Outspoken firebrands such as Sens. Tom Cotton (R-Ark.), Ted Cruz(R-Texas), and Josh Hawley (R-Mo.) are competing to become party stars but eventually will be away pursuing the presidency, Schiller said. It falls to others to lead day-to-day work, she said.
Baker listed Thune and Cornyn, McConnell’s former deputy, along with Sens. Todd Young (R-Ind.), Shelley Moore Capito (R-W.Va.), and John Boozman (R-Ark.) as potential deal-makers.
Schiller said Republican women gaining influence include Sens. Marsha Blackburn(R-Tenn.), who’s popular with conservative hardliners, and Lisa Murkowski (R-Alaska), a lawmaker with bipartisan inclinations who’s drawn a GOP opponent because of her vote to convict Trump after his impeachment trial for inciting the insurrection at the Capitol.

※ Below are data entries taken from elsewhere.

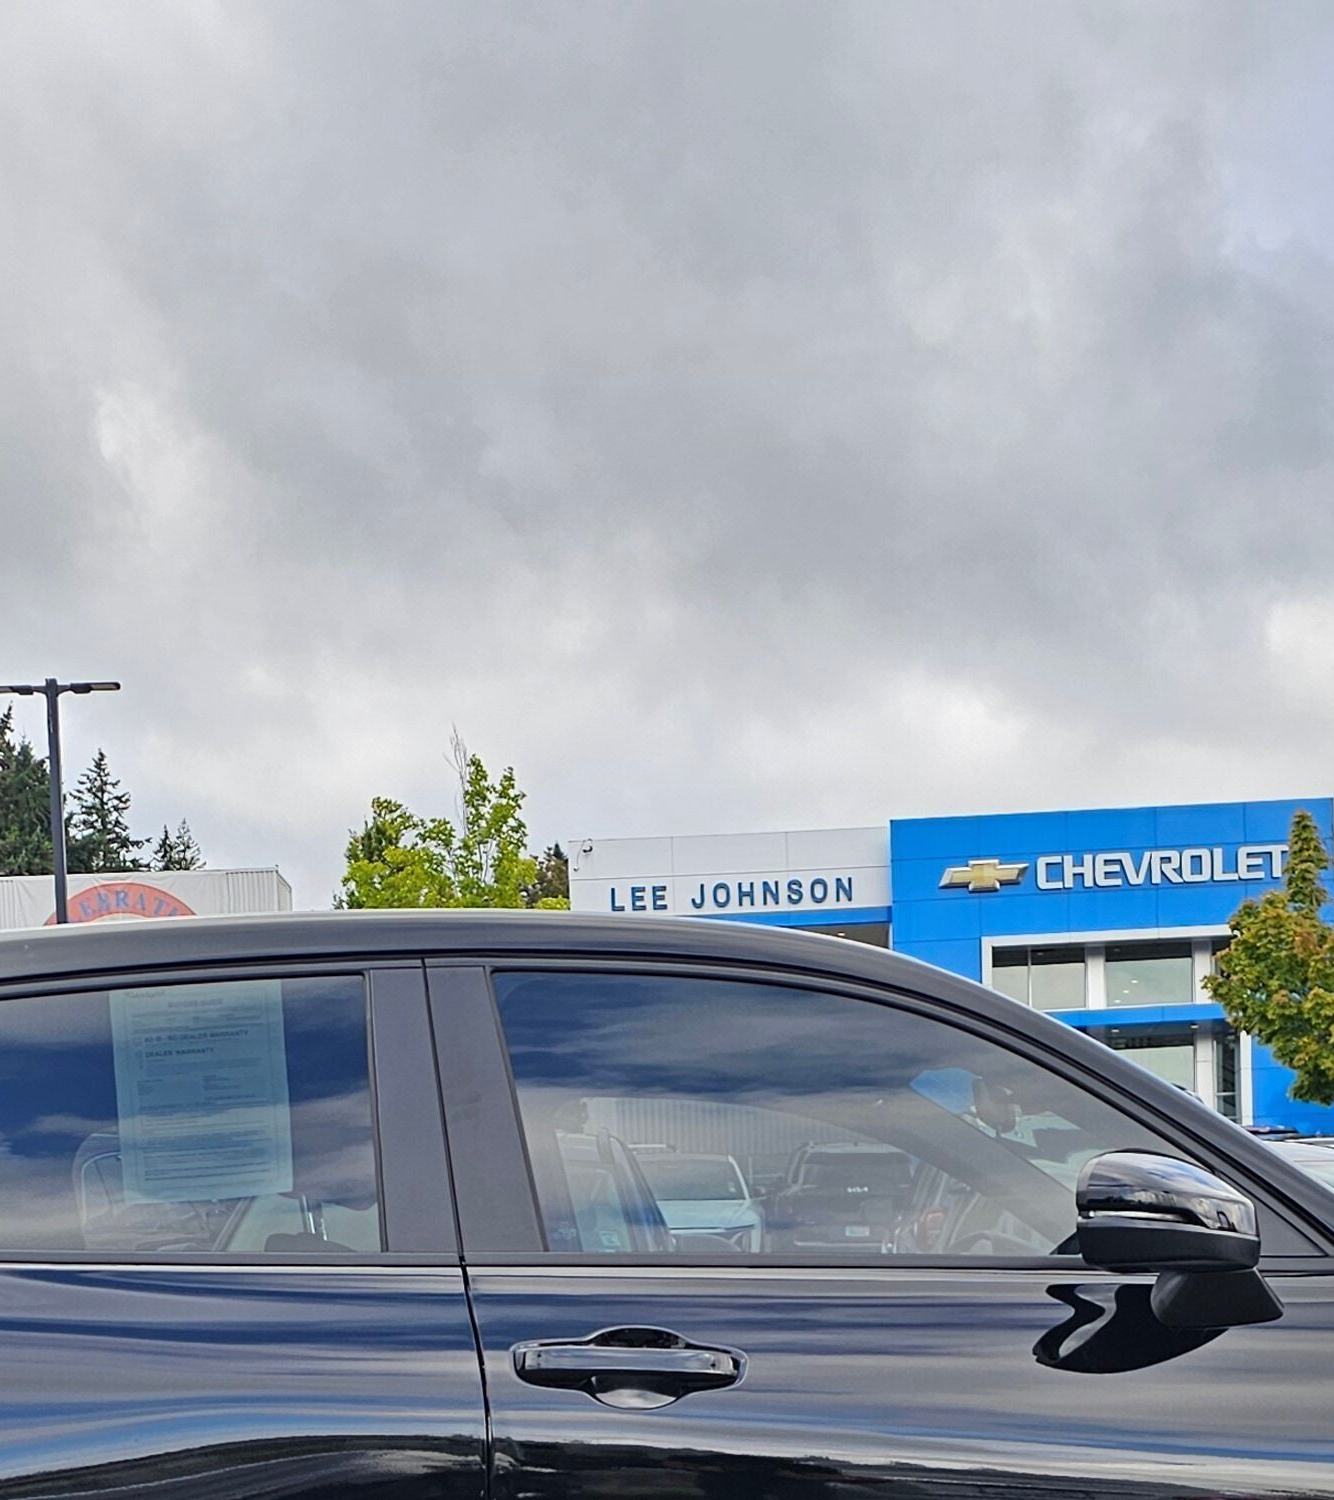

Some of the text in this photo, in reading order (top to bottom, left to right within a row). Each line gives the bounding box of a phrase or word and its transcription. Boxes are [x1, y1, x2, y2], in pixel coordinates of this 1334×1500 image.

[1036, 844, 1289, 890] CHEVROLET
[610, 876, 854, 912] LEE JOHNSON
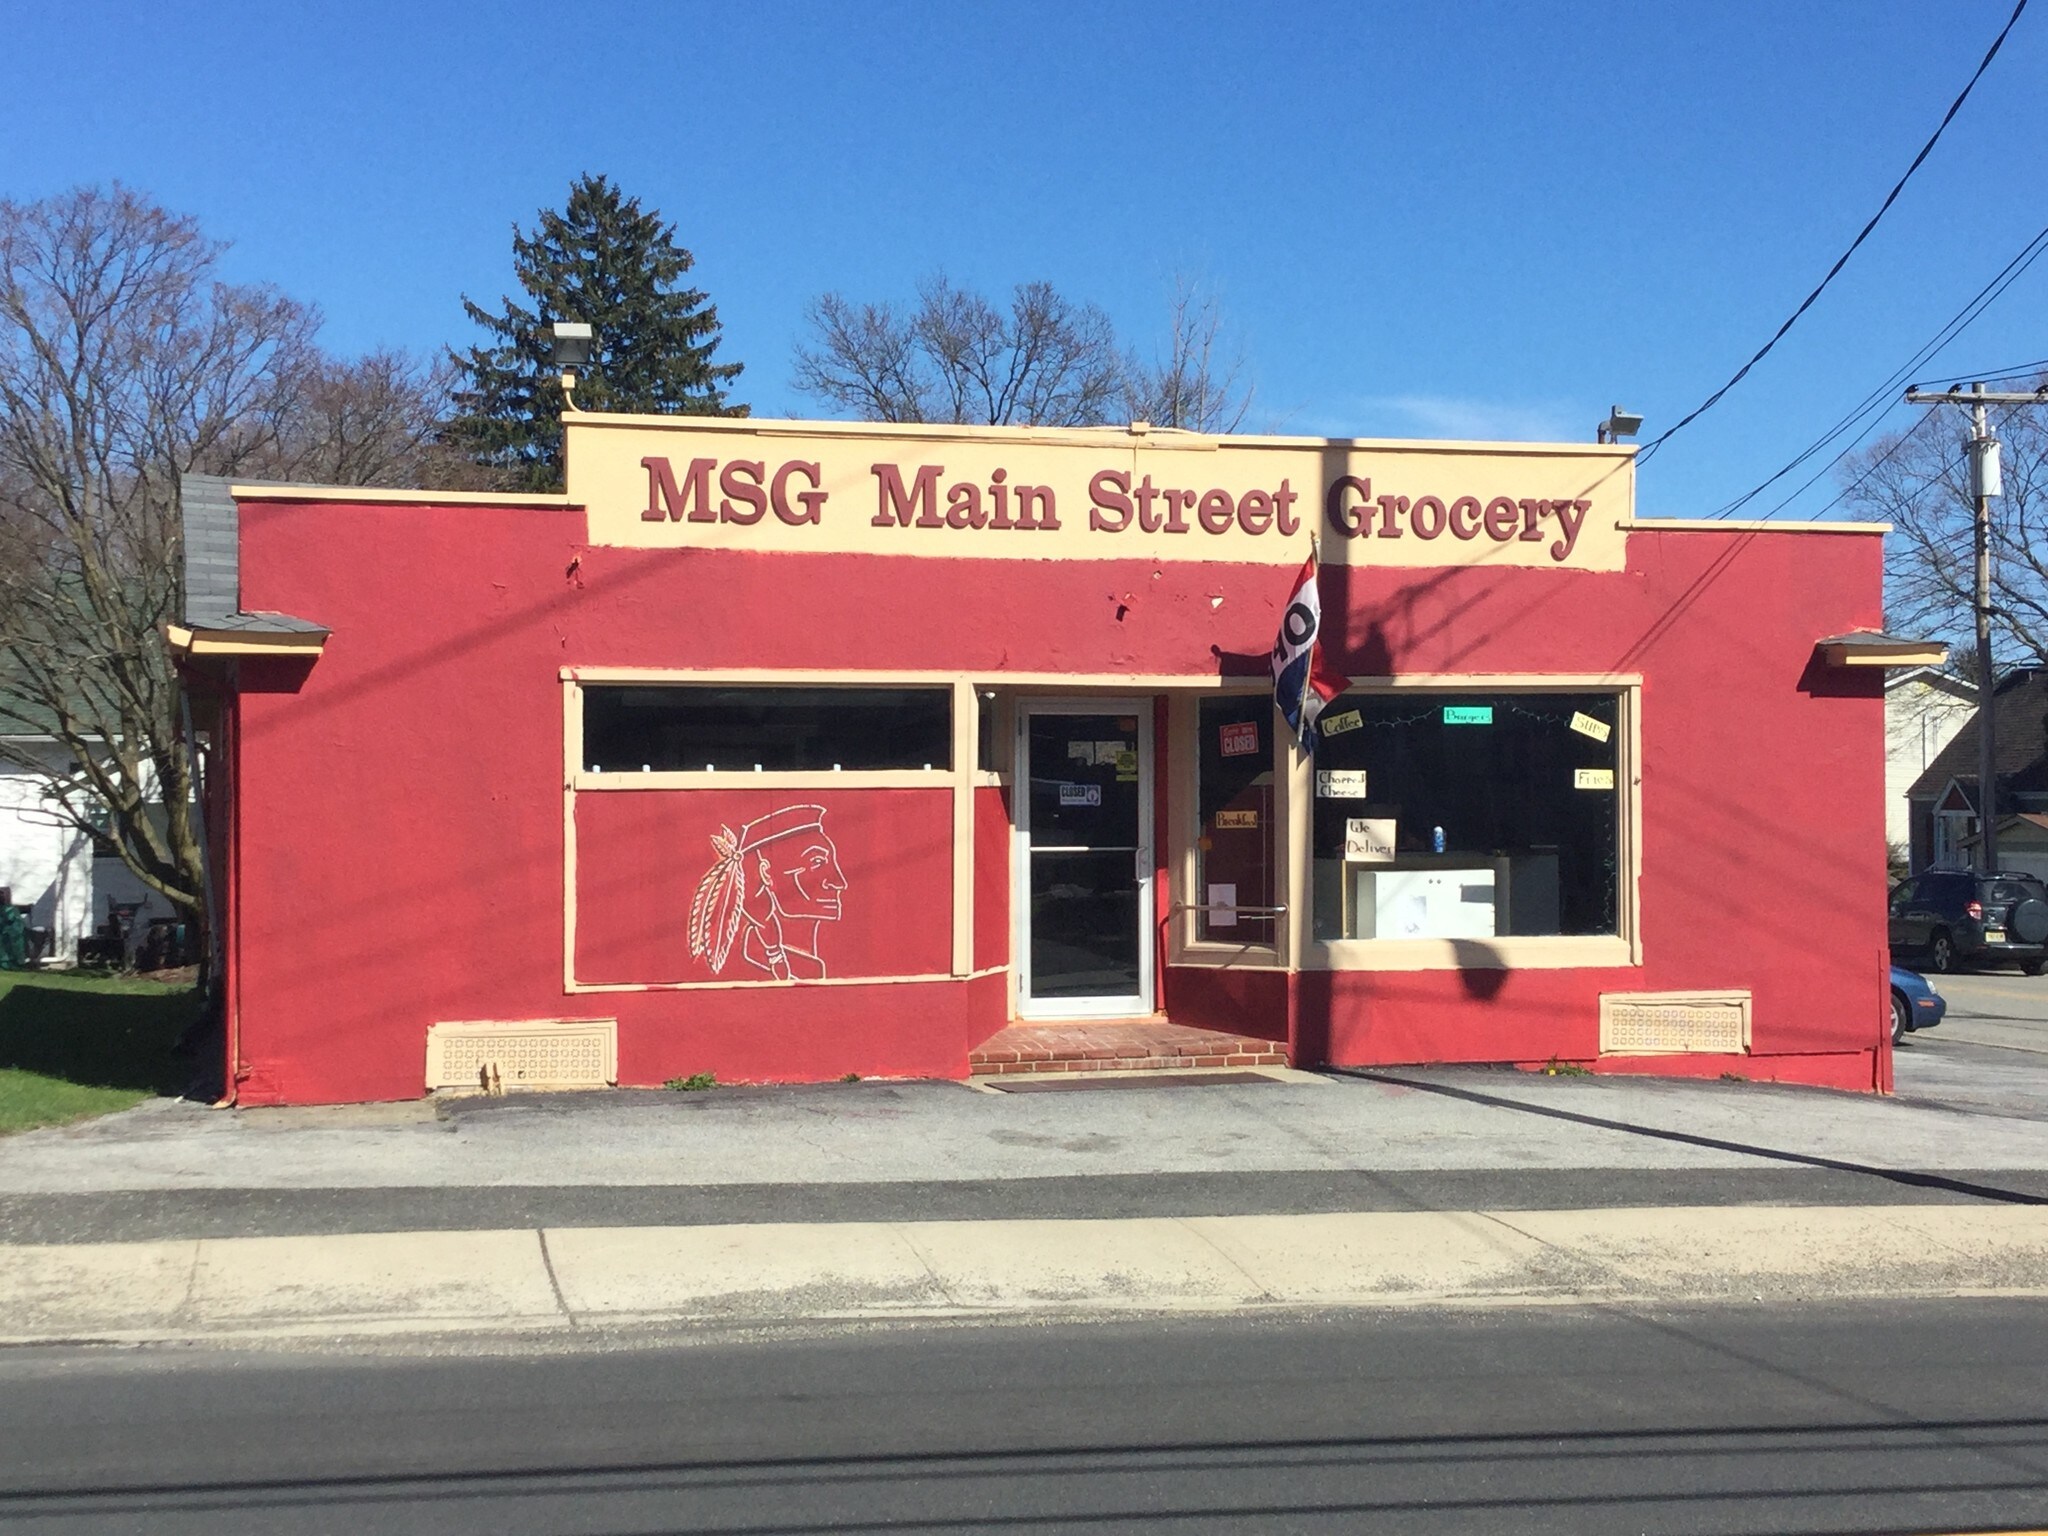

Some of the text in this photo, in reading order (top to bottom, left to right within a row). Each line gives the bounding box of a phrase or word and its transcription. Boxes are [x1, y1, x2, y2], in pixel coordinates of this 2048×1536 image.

[641, 457, 1592, 562] MSG Main Street Grocery
[1324, 714, 1361, 734] Coffee
[1223, 734, 1256, 755] CLOSED
[1578, 771, 1614, 785] Fries
[1061, 785, 1086, 798] CLOSED
[1320, 784, 1359, 796] Cheese
[1349, 821, 1371, 834] We
[1346, 840, 1392, 854] Deliver
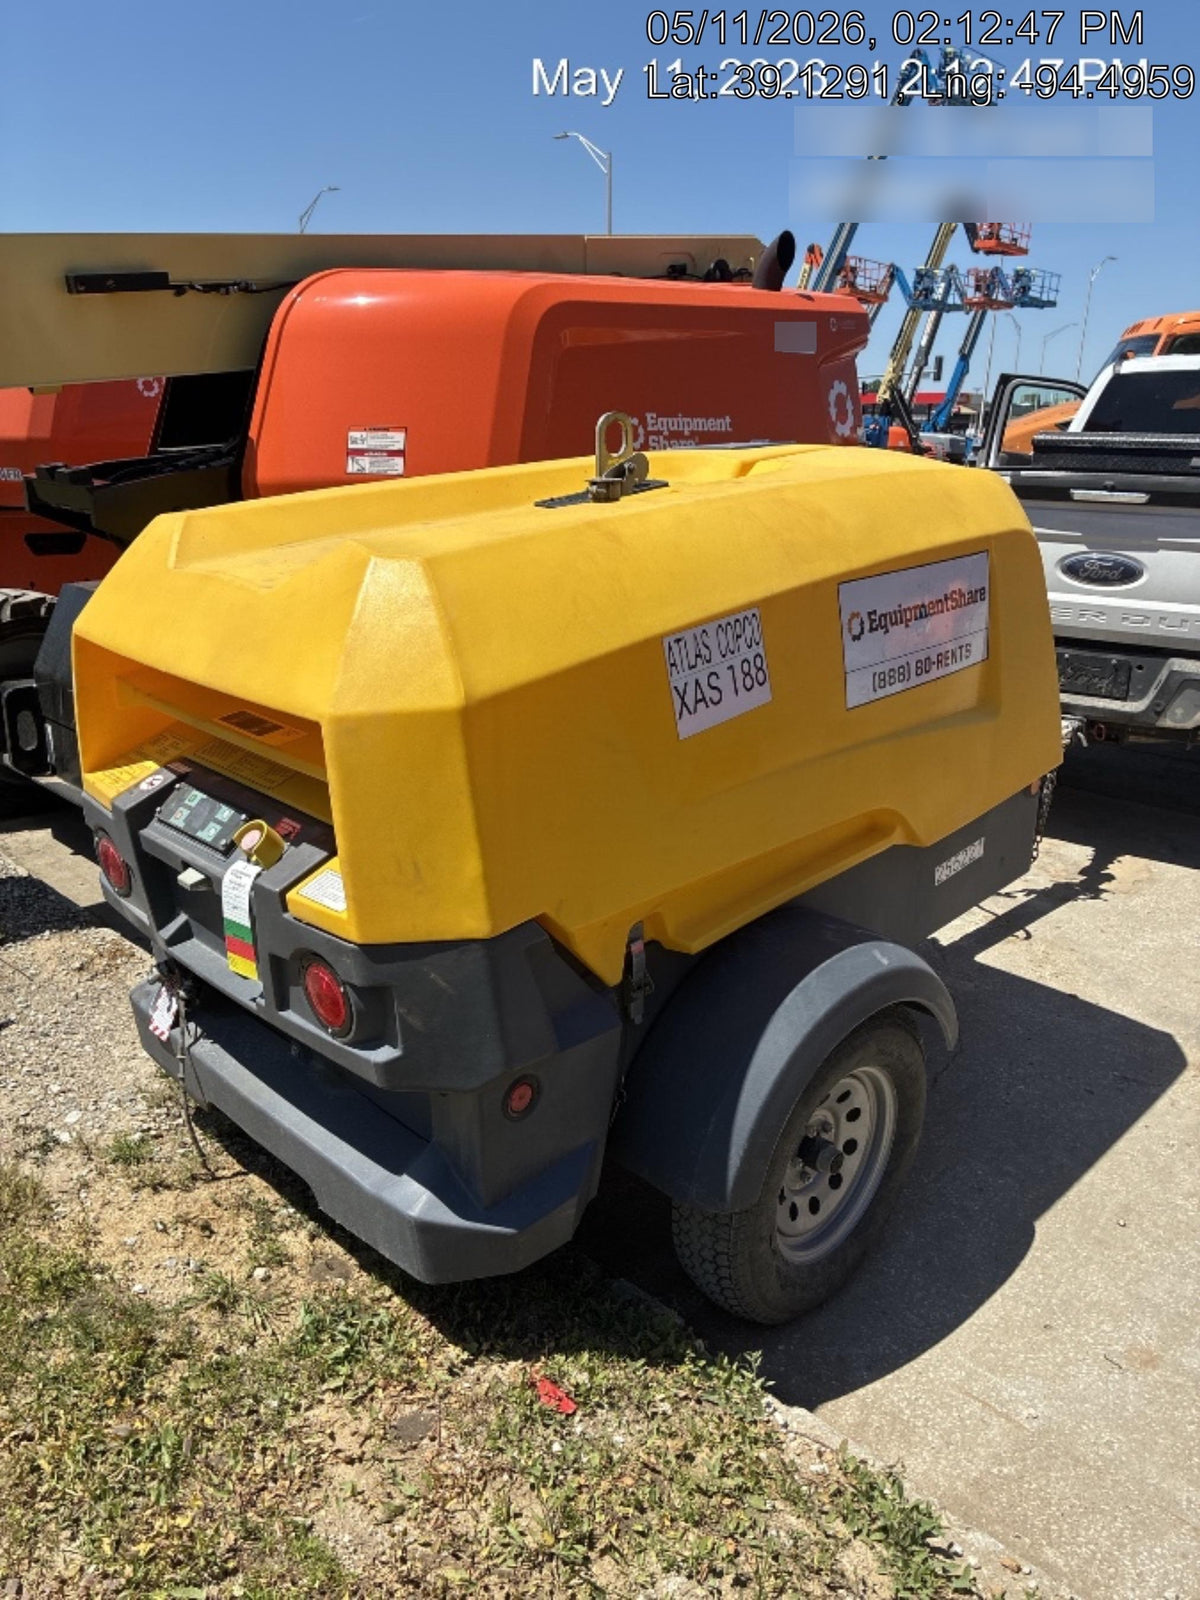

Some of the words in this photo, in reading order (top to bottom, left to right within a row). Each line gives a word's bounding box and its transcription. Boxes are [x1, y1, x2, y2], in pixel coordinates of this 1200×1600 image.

[645, 411, 733, 436] Equipment
[1078, 559, 1124, 582] Ford
[867, 584, 987, 635] EquipmentShare
[1121, 612, 1200, 632] DU
[665, 630, 713, 678] ATLAS
[715, 610, 762, 660] COPCO
[871, 659, 912, 694] (888)
[914, 640, 973, 679] 80-RENTS
[673, 669, 723, 721] XAS
[727, 651, 768, 698] 188

On the Democratic side, Baker said Sen. Chris Coons (Del.) is a go-between for deals with Biden while Joe Manchin (W.V.) is a Senate “unicorn” who works with both sides.
“I think anybody who can manage that tightrope walk he has in West Virginia is really just a master of his trade,” Baker said. “He’s in an incredibly strong position.”
The 2022 election is already shaping up as a test for whether a new breed of Republicans — less tradition-bound and allied with Trump — will be the future of the Senate.
In Missouri, for example, one of the Republicans seeking to replace Blunt is former Gov. Eric Greitens, who has strong support among Trump backers. Greitens, however, was forced to resign the governorship amid scandal, and his potential nomination could provide an opening for Democrats.
“The parties will go in different directions,” Schiller said. “The Republicans will go much more ideologically conservative, especially in Missouri and Alabama. If Democrats can hold on it will require them to win at least one or two [seats] in North Carolina, Pennsylvania, and Ohio, and in that case the only candidates who can win will be more moderate.”